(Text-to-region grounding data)
·····

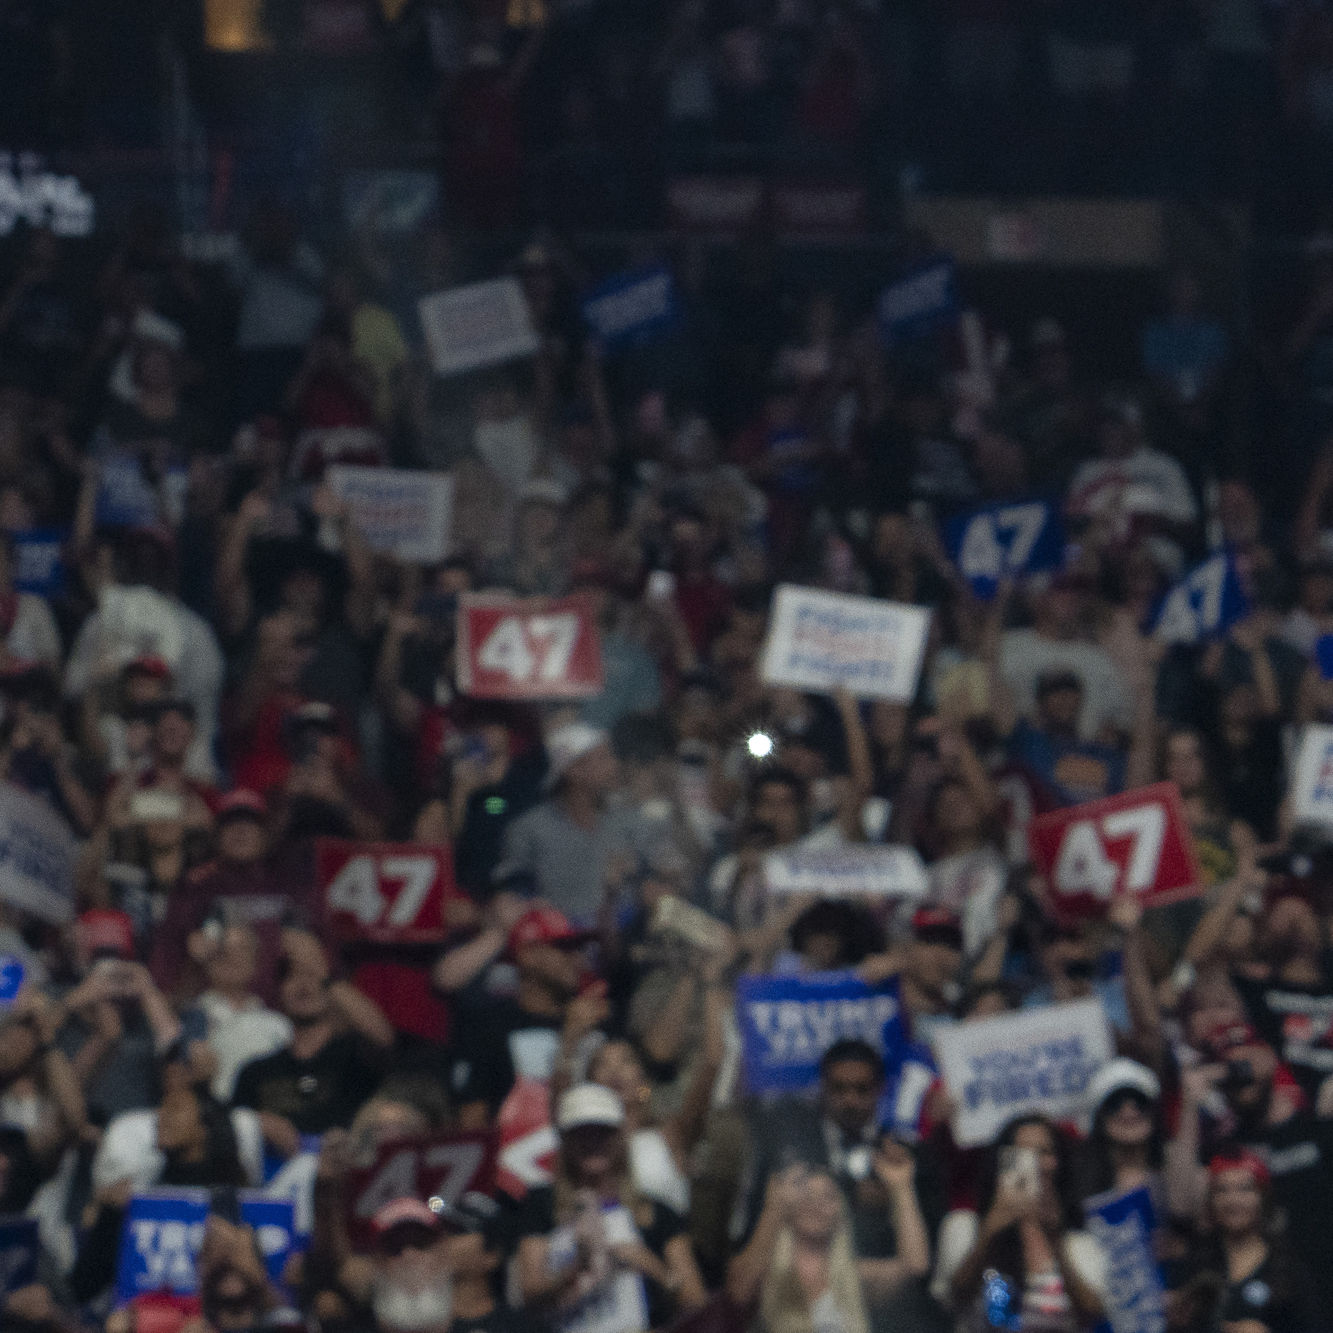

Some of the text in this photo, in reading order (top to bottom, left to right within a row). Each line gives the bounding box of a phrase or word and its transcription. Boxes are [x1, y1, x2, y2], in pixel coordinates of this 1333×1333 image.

[958, 504, 1048, 579] 47
[1155, 552, 1226, 644] 47
[478, 611, 580, 681] 47
[326, 853, 440, 926] 47
[1051, 803, 1167, 902] 47

·····

• _Work to complete_
Each record above needs to be retyped exactly, without any pictures.

• _Solution to this task_
Some of the text in this photo, in reading order (top to bottom, left to right within a row). Each line gives the bounding box of a phrase or word and its transcription. Boxes are [x1, y1, x2, y2], in pixel coordinates of this 1333×1333 image.

[958, 504, 1048, 579] 47
[1155, 552, 1226, 644] 47
[478, 611, 580, 681] 47
[326, 853, 440, 926] 47
[1051, 803, 1167, 902] 47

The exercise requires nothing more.